Hornets Nest


I recently flew a friend from my house at a residential airpark outside Sarasota, Fla., up to the Tampa International Airport to catch his plane home. We left with fuel tanks about half-full, and I planned to divert a few miles on my way home to stop at a non-towered airport with ultra-cheap self-serve 100LL to top off.

After an uneventful stop, drop and hop, I motored off toward the cheap fuel and dialed up the airports CTAF (which also happens to be the CTAF for my nearby home runway). I was immediately greeted with a cacophony of radio calls involving a couple of Cessnas, at least one CAP flight and a Twin Comanche. All were apparently maneuvering to land or depart from Cheap Fuel Muni, but no one was happy.


I really couldnt determine who was landing and who was departing, but the Twin Comanche driver was definitely hot about going around after being cut off in the pattern. Since I dont need much encouragement to avoid chaos in a traffic pattern, I changed plans and went on home.

What ultimately turned me off about going over there that morning was the continuing discussion about who was where, who was in the wrong and what was going to happen next. Timely, concise communication in the pattern is necessary. But what I heard was neither. And I got to listen to it all the way home.

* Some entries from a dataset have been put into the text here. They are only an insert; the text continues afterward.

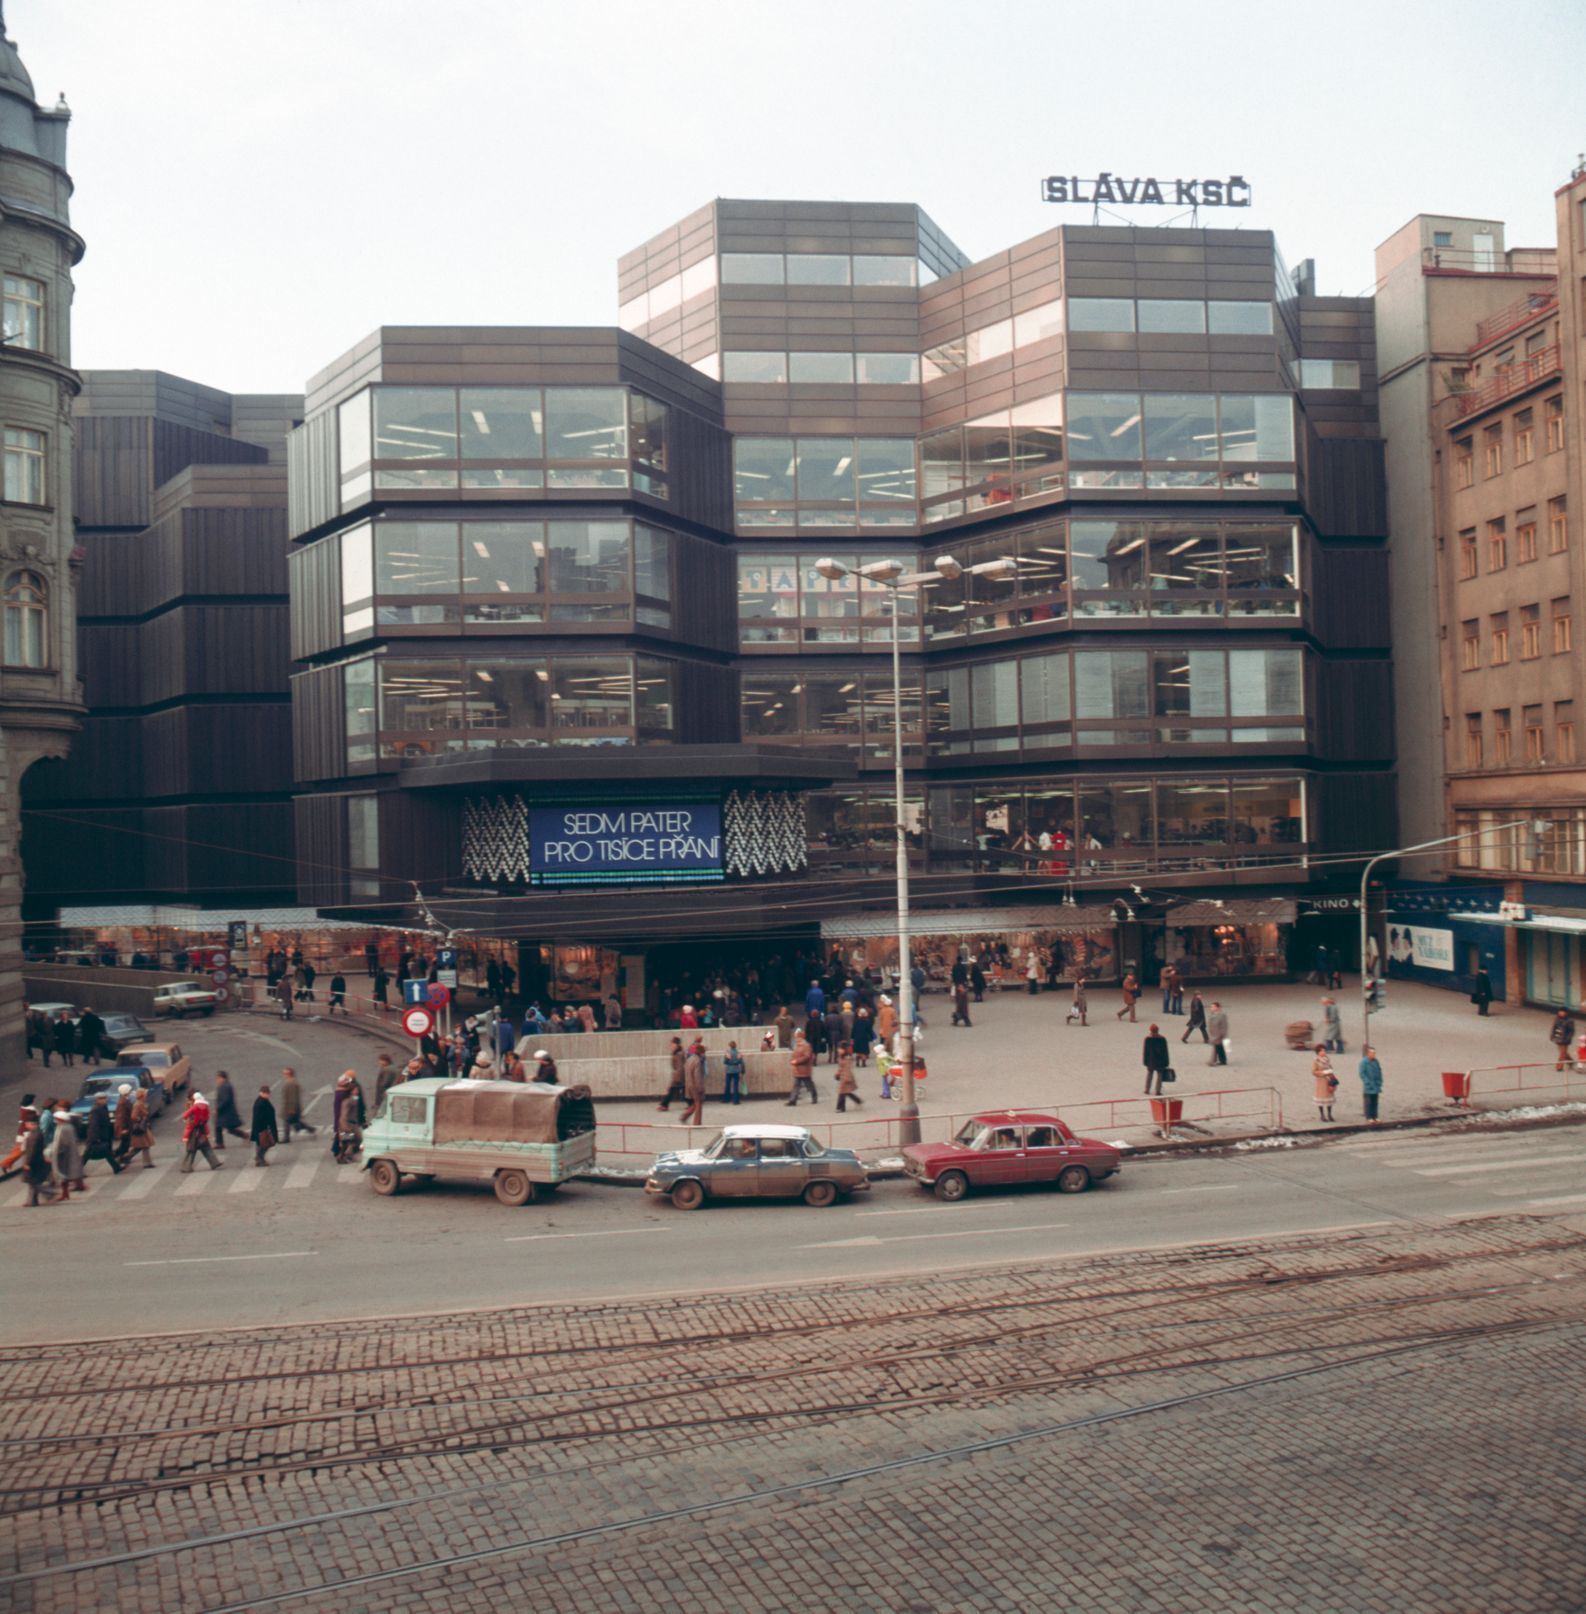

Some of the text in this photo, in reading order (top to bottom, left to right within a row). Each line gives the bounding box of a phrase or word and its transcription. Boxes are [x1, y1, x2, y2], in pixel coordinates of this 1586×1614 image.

[1047, 172, 1249, 207] SLÁVA KSČ
[564, 811, 692, 835] SEDM PATER
[544, 833, 721, 863] PRO TISÍCE PŘÁNÍ
[1313, 898, 1349, 909] KINO
[442, 951, 452, 962] P
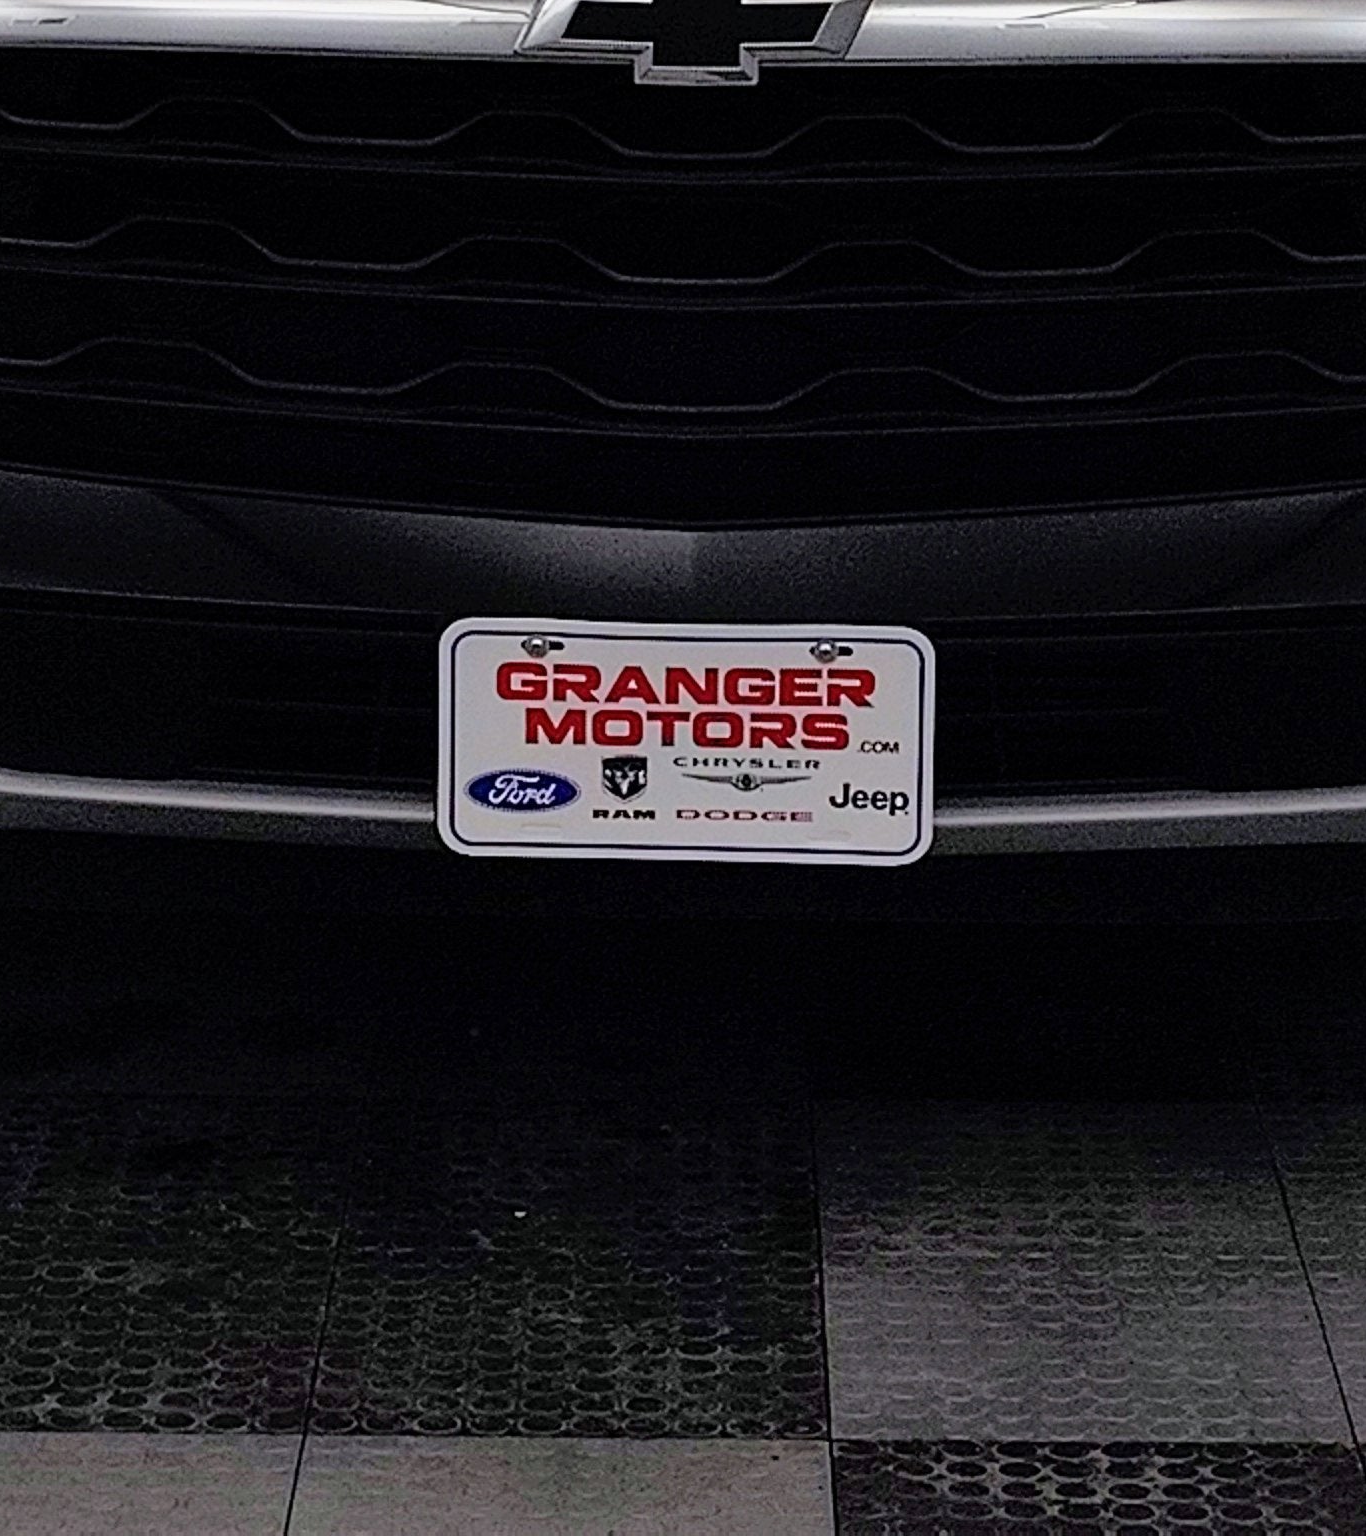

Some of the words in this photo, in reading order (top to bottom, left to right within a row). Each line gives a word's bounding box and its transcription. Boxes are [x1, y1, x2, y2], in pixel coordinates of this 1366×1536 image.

[496, 662, 876, 708] GRANGER
[525, 708, 850, 751] MOTORS
[673, 757, 821, 770] CHRYSLER
[488, 776, 556, 807] Ford
[829, 783, 910, 817] Jeep
[592, 809, 656, 820] RAM
[676, 809, 814, 822] DODGE

It reminded me of a recent flight to a different but nearby airport. Inbound from the north, I maneuvered to enter left traffic for Runway 4 as a 182 announced five south on the GPS approach. Keeping everyone apprised of his progress, just as I was doing, he ultimately crossed over the moderately busy airport at about 700 feet AGL to enter the pattern ahead of and below me. Then he began complaining about the plane ahead, a dual-instruction flight, which he was overtaking. Anticipating all this, I was already in hover mode and extended my downwind leg behind the 182. Sure enough, the 182 went around, complaining all the while about the “slow” plane ahead of him. I landed without additional drama.

Putting aside the fact we all need to get better at the simple task of flying a traffic pattern, we also need to accept not everyone is flying an airplane with the same performance and with the same skill.

Traffic patterns at non-towered airports-by definition-involve a wide range of aircraft and pilot performance levels. More of us need to understand and plan for that, then accept we wont always land after a drama-free arrival and pattern. Also, when something frustrating happens in the pattern, its not a good reason to “go off” on the other guy. If you feel the need to seek answers, do it on the ground once everyones props have stopped turning.